Féret Jean-Baptiste, Asner Gregory P
Ecol Appl. 2014;24(6):1289-96. doi: 10.1890/13-1824.1.
There is a growing need for operational biodiversity mapping methods to quantify and to assess the impact of climate change, habitat alteration, and human activity on ecosystem composition and function. Here, we present an original method for the estimation of α- and β-diversity of tropical forests based on high-fidelity imaging spectroscopy. We acquired imagery over high-diversity Amazonian tropical forest landscapes in Peru with the Carnegie Airborne Observatory and developed an unsupervised method to estimate the Shannon index (H′) and variations in species composition using Bray-Curtis dissimilarity (BC) and nonmetric multidimensional scaling (NMDS). An extensive field plot network was used for the validation of remotely sensed α- and β-diversity. Airborne maps of H′ were highly correlated with field α-diversity estimates (r = 0.86), and BC was estimated with demonstrable accuracy (r = 0.61–0.76). Our findings are the first direct and spatially explicit remotely sensed estimates of α- and β-diversity of humid tropical forests, paving the way for new applications using airborne and space-based imaging spectroscopy.

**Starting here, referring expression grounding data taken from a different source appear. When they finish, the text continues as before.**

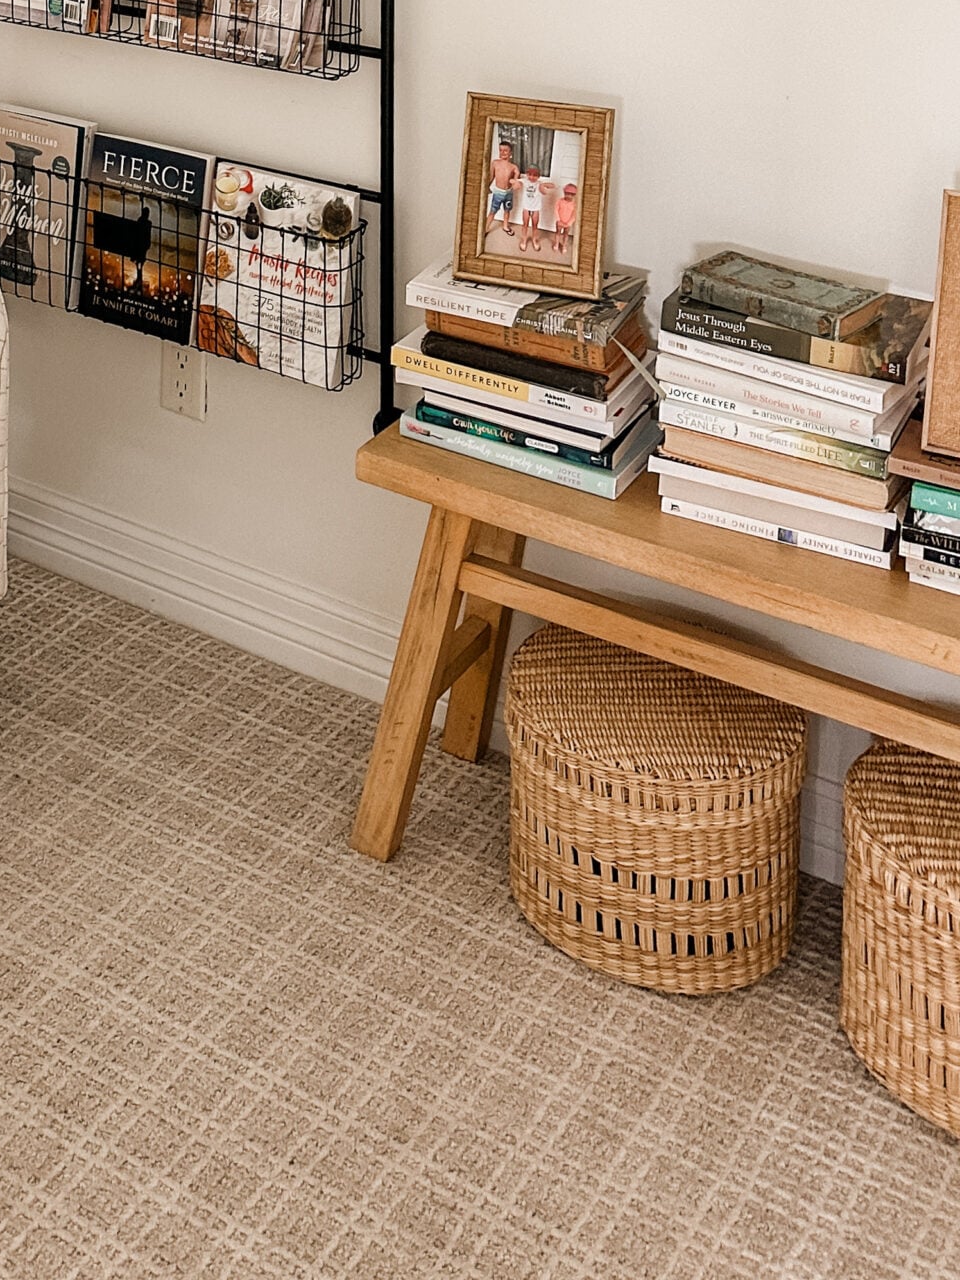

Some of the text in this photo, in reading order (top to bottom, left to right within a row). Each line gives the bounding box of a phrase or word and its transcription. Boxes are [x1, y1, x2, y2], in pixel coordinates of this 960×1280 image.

[102, 150, 196, 195] FIERCE
[0, 198, 66, 246] Women
[295, 258, 339, 287] Recipes
[92, 294, 178, 328] JENNIFER COWART
[252, 294, 275, 312] 375
[416, 295, 507, 321] RESILIENT HOPE
[516, 318, 554, 330] CHRISTINE
[676, 308, 746, 333] Jesus Through
[675, 322, 772, 352] Middle Eastern Eyes
[405, 356, 519, 393] DWELL DIFFERENTLY
[752, 364, 770, 376] YOU
[770, 370, 782, 379] OF
[783, 373, 806, 386] BOSS
[805, 380, 822, 390] THE
[822, 384, 840, 397] NOT
[840, 390, 848, 398] IS
[544, 393, 566, 402] Abbott
[668, 387, 737, 410] JOYCE MEYER
[742, 390, 822, 419] The Stories We Tell
[848, 393, 872, 406] FEAR
[474, 422, 499, 438] your
[499, 428, 516, 444] life
[676, 413, 726, 435] STANLEY
[760, 412, 794, 425] answer
[802, 422, 838, 436] anxiety
[749, 431, 764, 441] THE
[816, 446, 843, 462] LIFE
[495, 452, 533, 472] uniquely
[535, 462, 554, 476] you
[558, 468, 580, 478] JOYCE
[694, 510, 776, 538] FINDING PEACE
[802, 536, 883, 564] CHARLES STANLEY
[914, 534, 929, 545] The
[918, 564, 946, 576] CALM
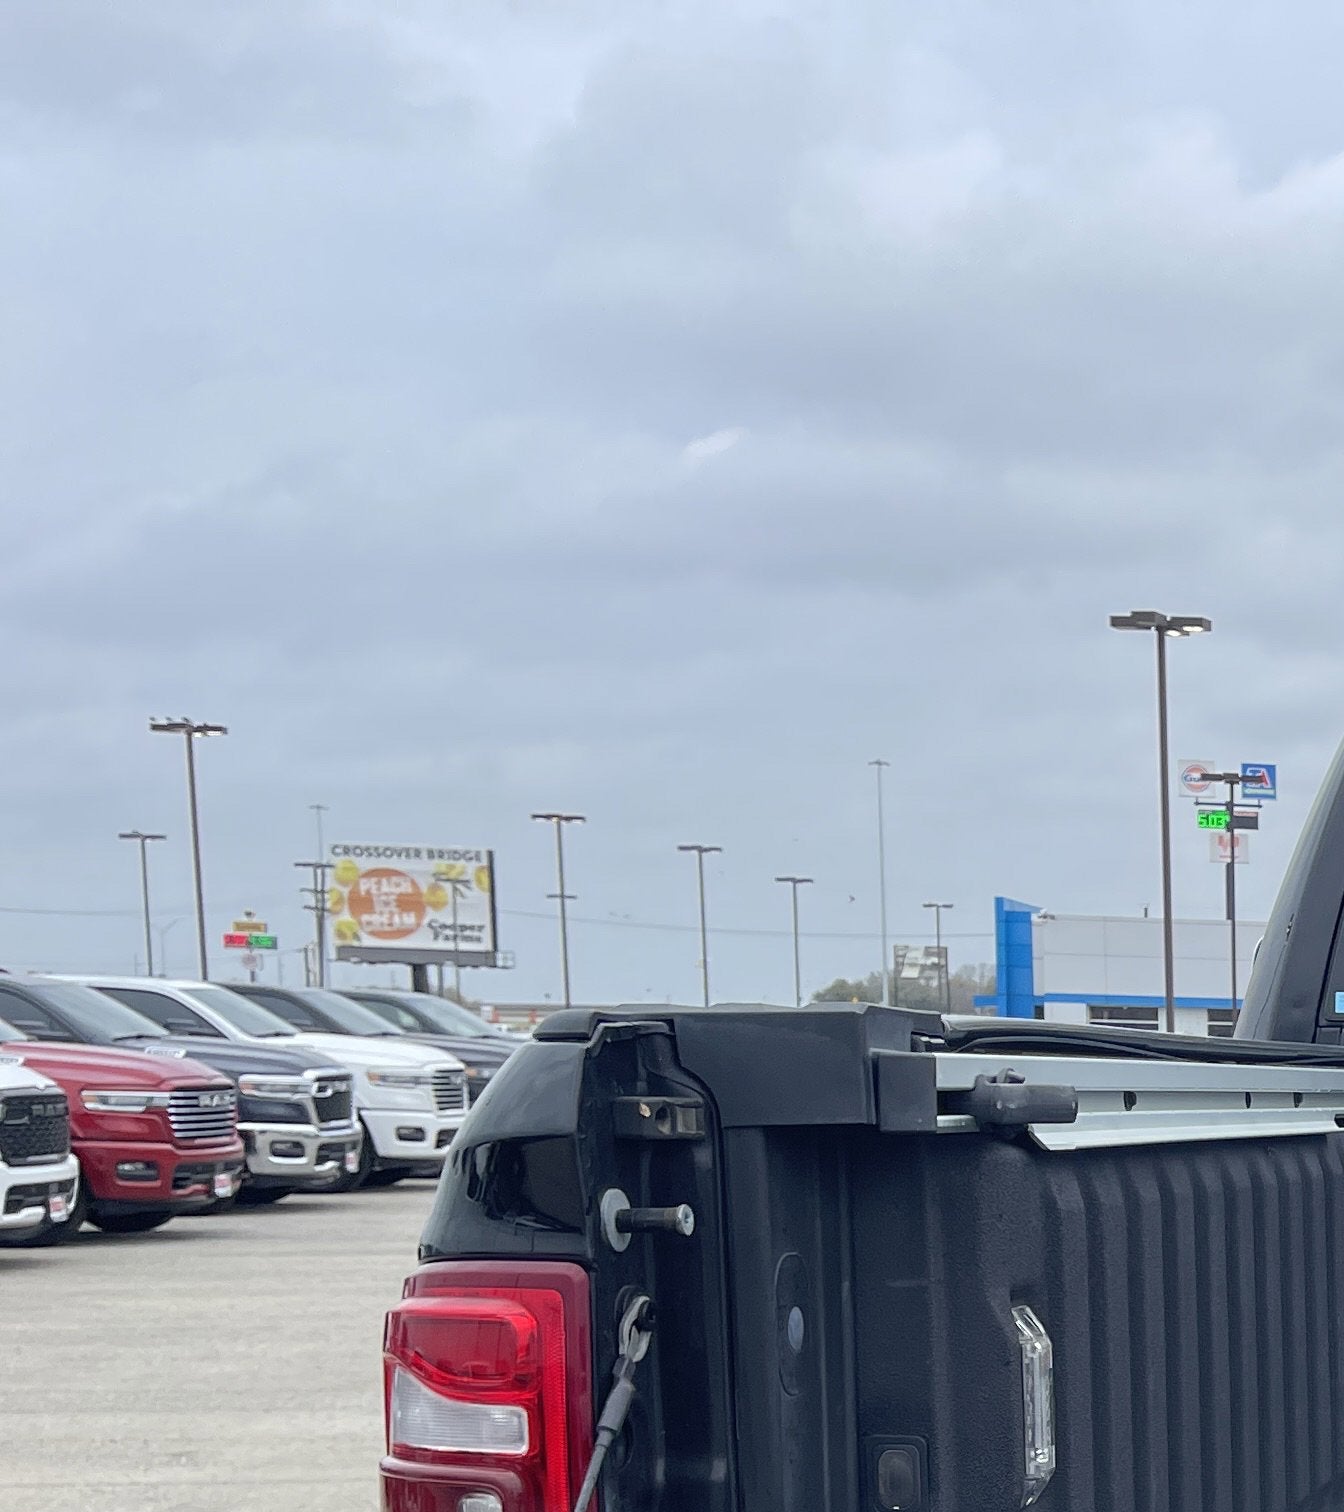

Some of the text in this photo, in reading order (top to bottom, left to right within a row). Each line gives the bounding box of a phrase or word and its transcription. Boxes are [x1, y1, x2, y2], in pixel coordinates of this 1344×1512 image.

[331, 844, 482, 862] CROSSOVER BRIDGE
[359, 876, 412, 895] PEACH
[360, 911, 417, 931] CREAM
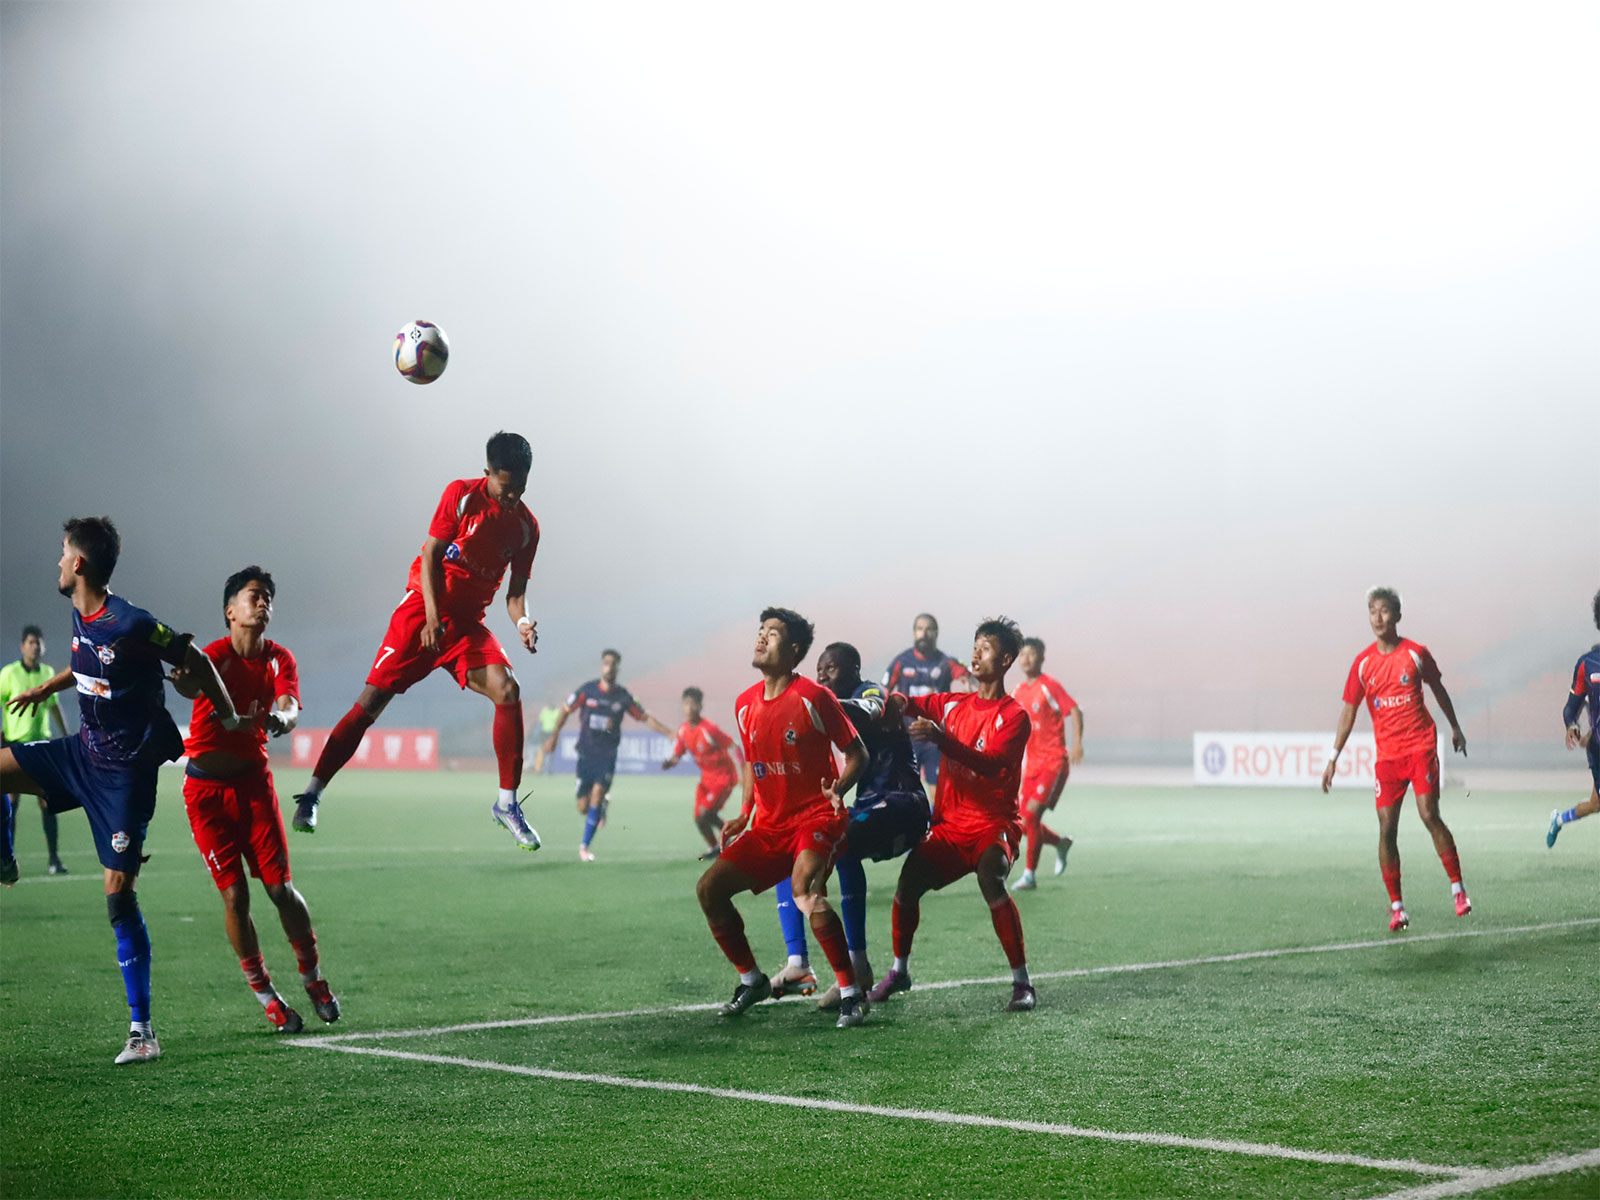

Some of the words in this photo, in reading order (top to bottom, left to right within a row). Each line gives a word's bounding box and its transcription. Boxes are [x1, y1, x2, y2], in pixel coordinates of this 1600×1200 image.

[375, 646, 395, 669] 7
[1233, 744, 1323, 776] ROYTE
[1335, 745, 1373, 776] GR
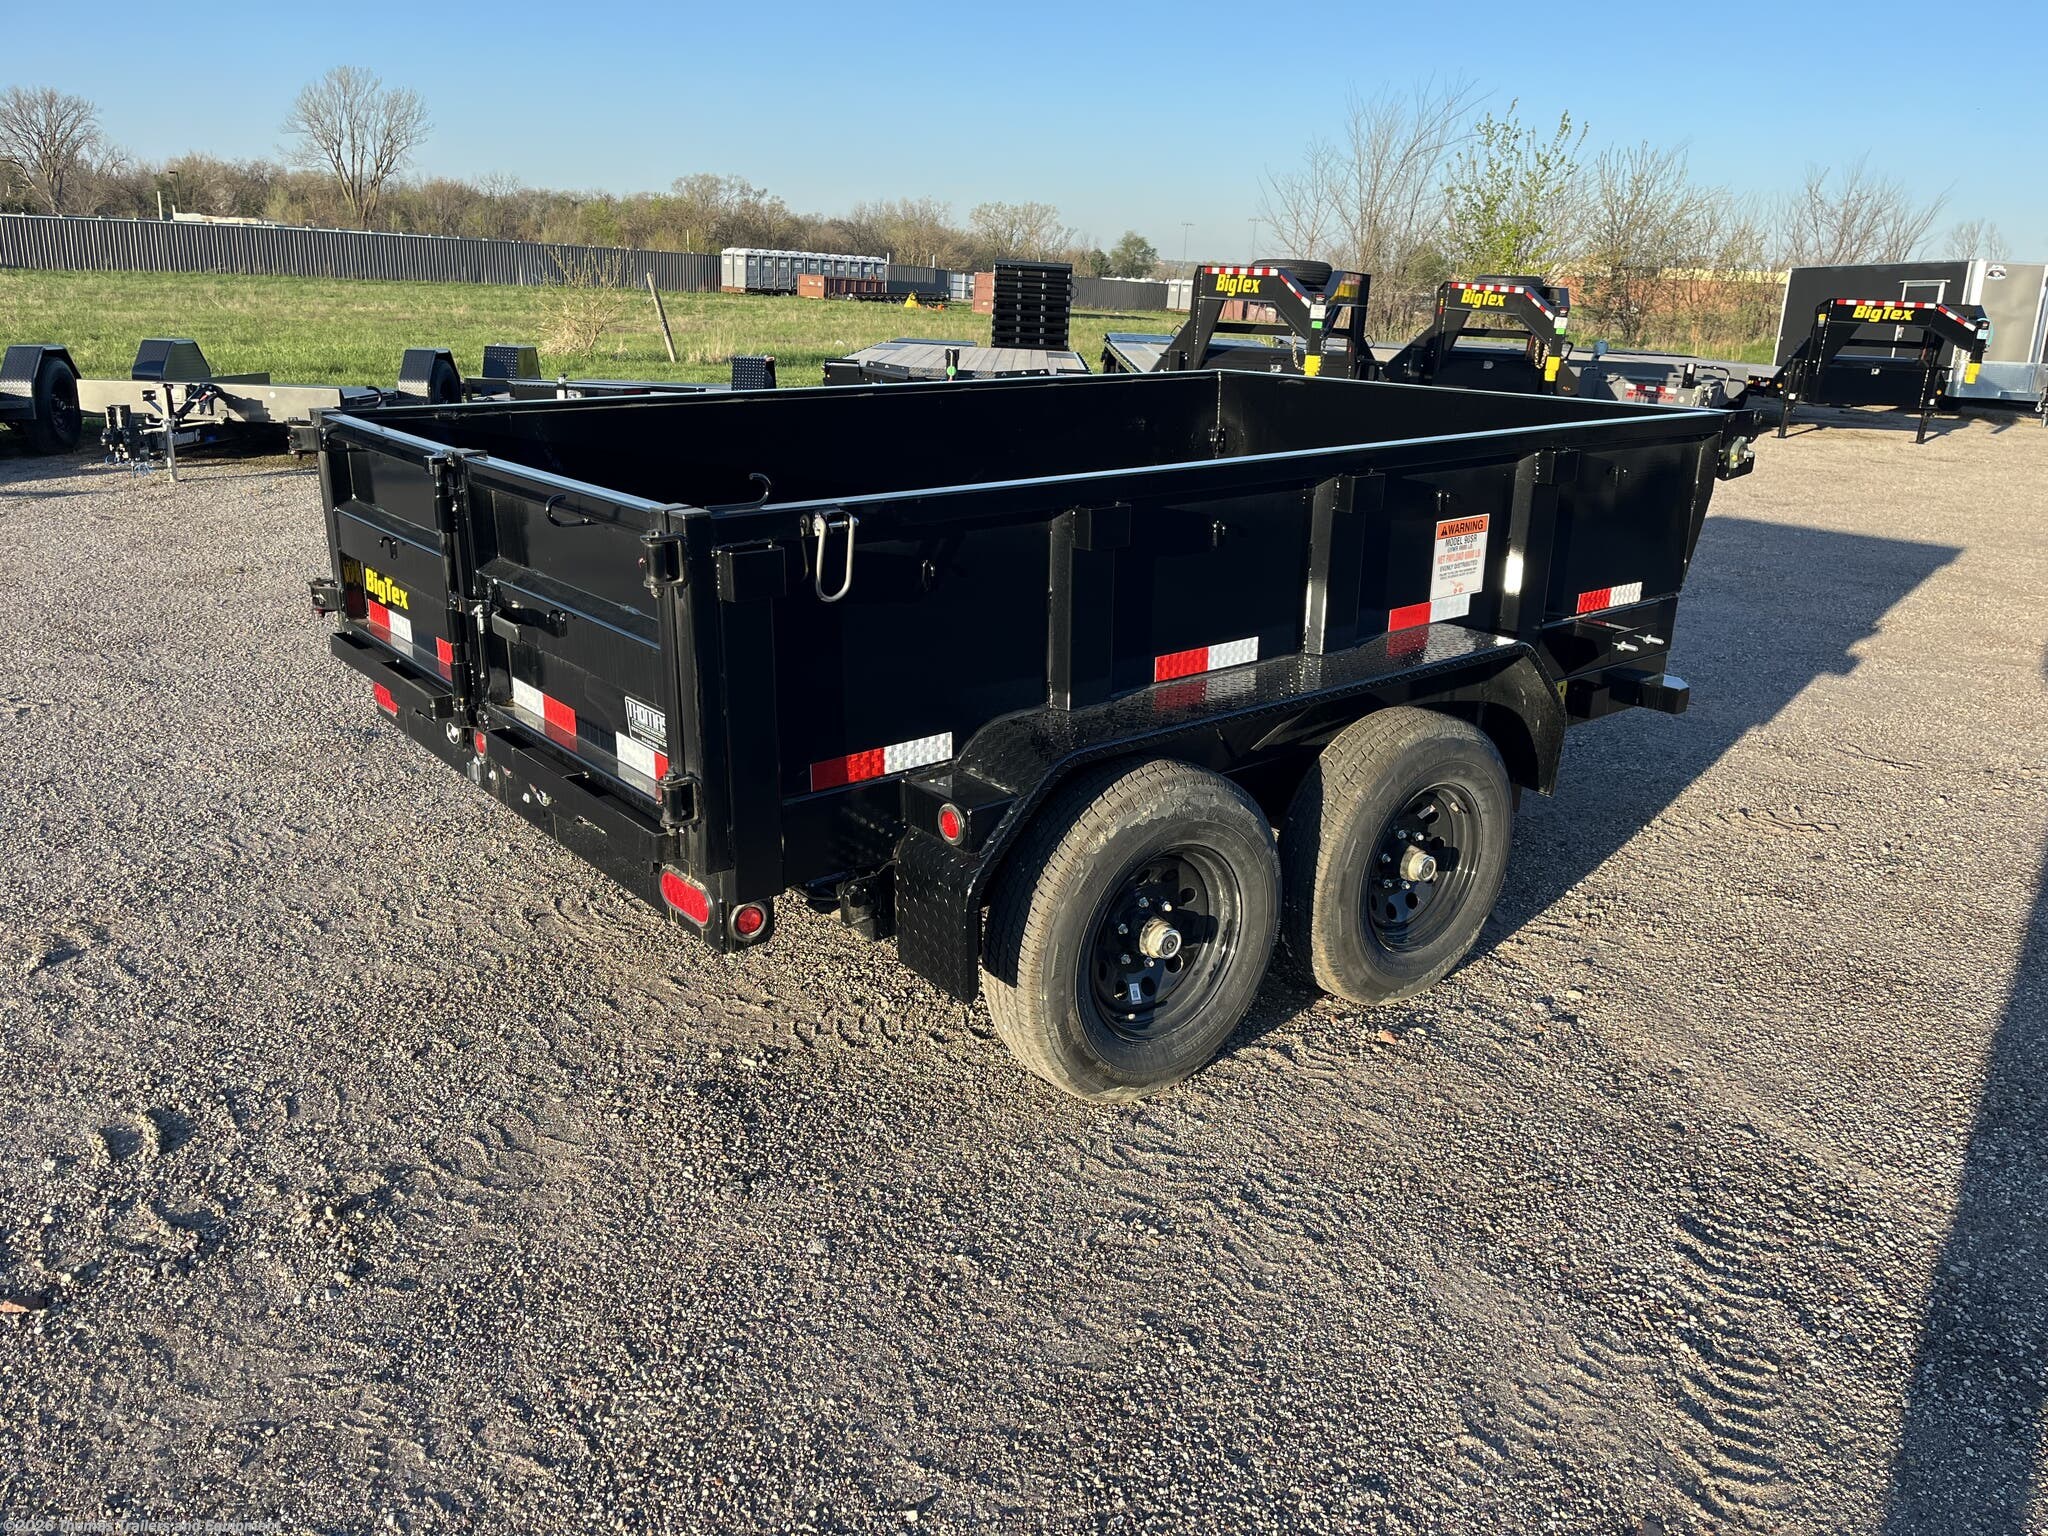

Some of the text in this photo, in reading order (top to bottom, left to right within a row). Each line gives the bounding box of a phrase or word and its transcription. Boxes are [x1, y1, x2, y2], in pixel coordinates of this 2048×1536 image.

对操作性生物多样性绘图方法的需求日益增长,以量化和评估气候变化、栖息地改变及人类活动对生态系统组成和功能的影响。在此,我们提出一种基于高保真成像光谱技术估算热带森林α多样性和β多样性的原创方法。我们利用卡内基机载天文台获取了秘鲁高多样性亚马逊热带森林景观的图像,并开发了一种无监督方法,以使用布雷 - 柯蒂斯相异度(BC)和非度量多维尺度分析(NMDS)来估算香农指数(H′)和物种组成的变化。一个广泛的野外样地网络用于验证遥感α多样性和β多样性。H′的机载地图与野外α多样性估计值高度相关(r = 0.86),并且BC的估计具有可证明的准确性(r = 0.61 - 0.76)。我们的研究结果是对潮湿热带森林α多样性和β多样性的首次直接且具有空间明确性的遥感估计,为使用机载和天基成像光谱技术的新应用铺平了道路。